What I track and when I ask questions
I maintain a simple list of what vaccines I’ve received and when, especially for anything that needs boosters. My primary care office has records, but having my own copy has been useful when seeing new doctors or during treatment changes.
I ask about vaccine updates at my annual physical and whenever there’s news about new recommendations. The COVID vaccine rollout taught me that recommendations can change quickly, and being on immunosuppressive therapy often means I’m eligible for boosters sooner than the general population.

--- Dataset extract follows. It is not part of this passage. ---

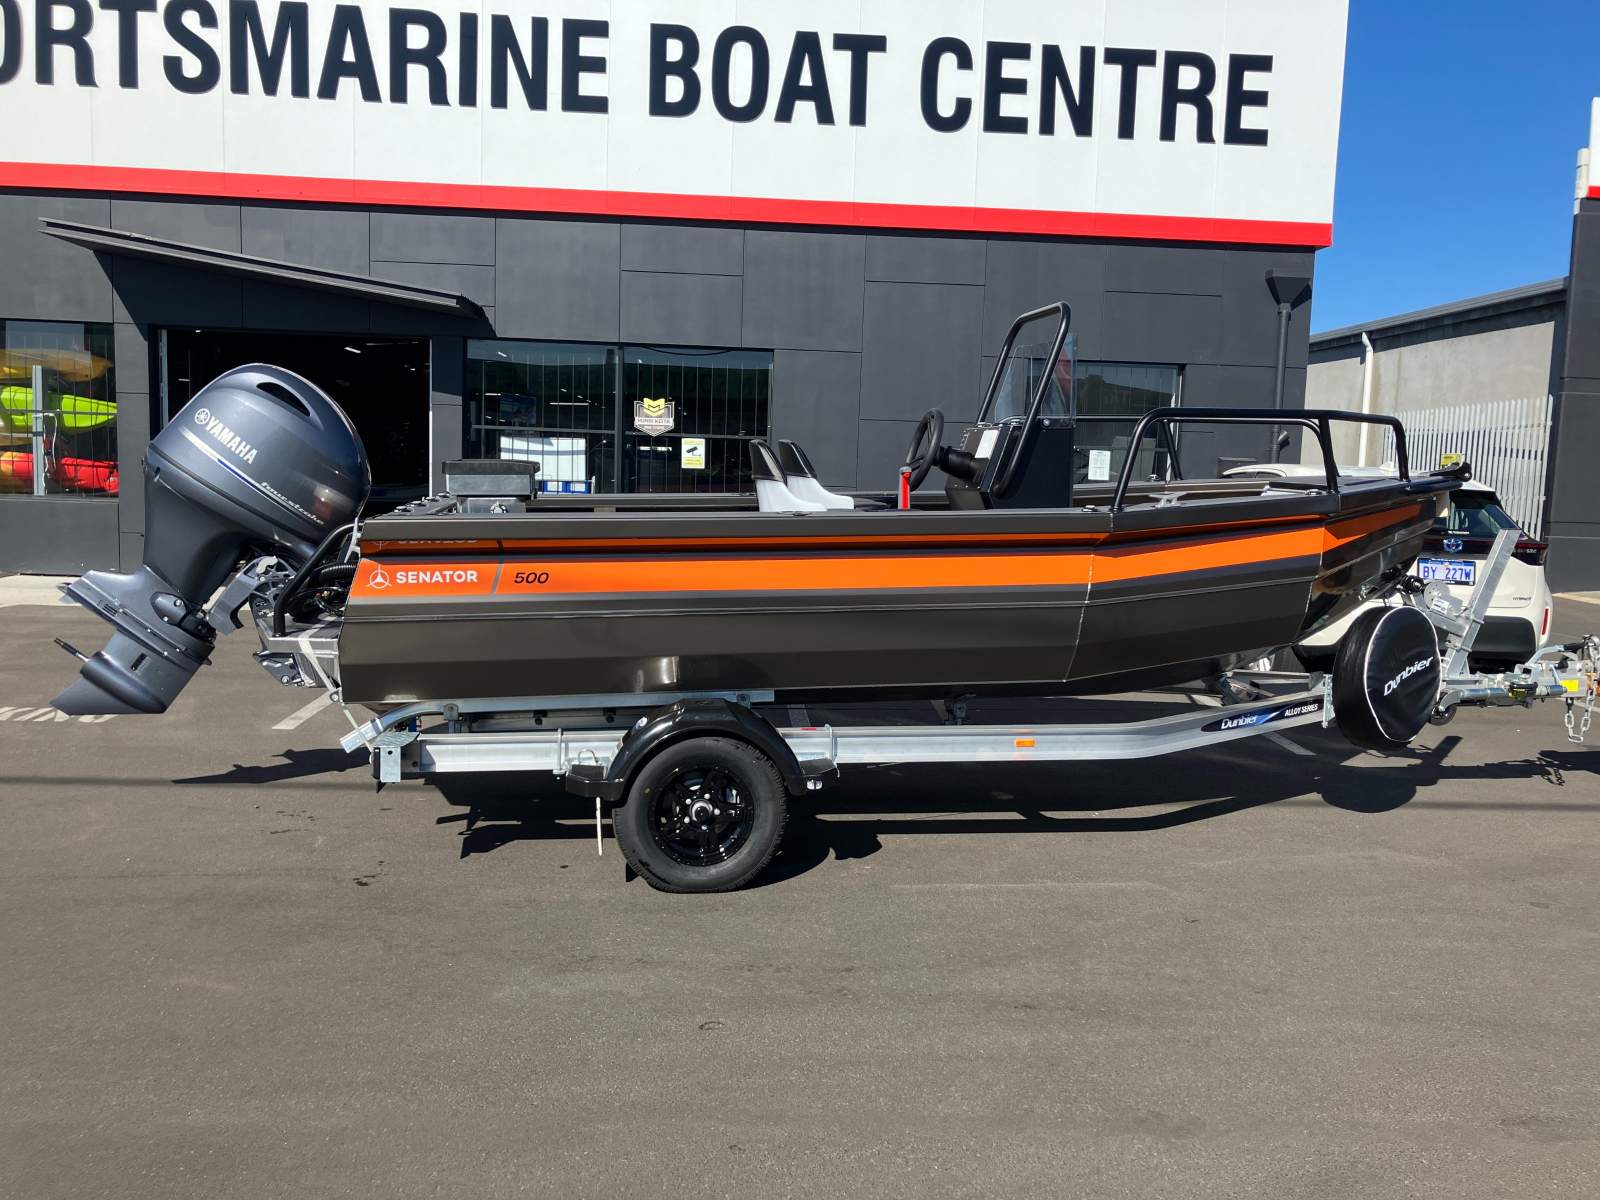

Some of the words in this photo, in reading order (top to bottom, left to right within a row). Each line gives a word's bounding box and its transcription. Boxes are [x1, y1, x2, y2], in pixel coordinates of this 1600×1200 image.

When I’m unsure about a specific vaccine — whether it’s live or inactivated, whether the timing works with my treatment — I ask both my primary care doctor and my GI team. They don’t always have the same immediate answer, but between them, they can usually figure it out or find the right specialist to consult.
The bigger picture
After more than 20 years on various immunosuppressive therapies, I’ve come to see vaccine management as part of the broader work of living with IBD. It’s about preventing infections and maintaining the kind of baseline health that lets me travel, work, and live without constantly worrying about preventable illnesses.
The conversations have gotten easier over time, partly because my care team knows my history and partly because I’ve learned which questions to ask. But each treatment change brings new considerations, and new vaccines become available regularly enough that this isn’t a set-it-and-forget-it part of my care.
What works for me is staying proactive about routine vaccines, asking questions when I’m unsure, and making sure my care team stays coordinated. It’s one more thing to manage, but it’s manageable — and it’s helped me avoid infections that could have complicated my IBD treatment or forced treatment interruptions I’d rather avoid.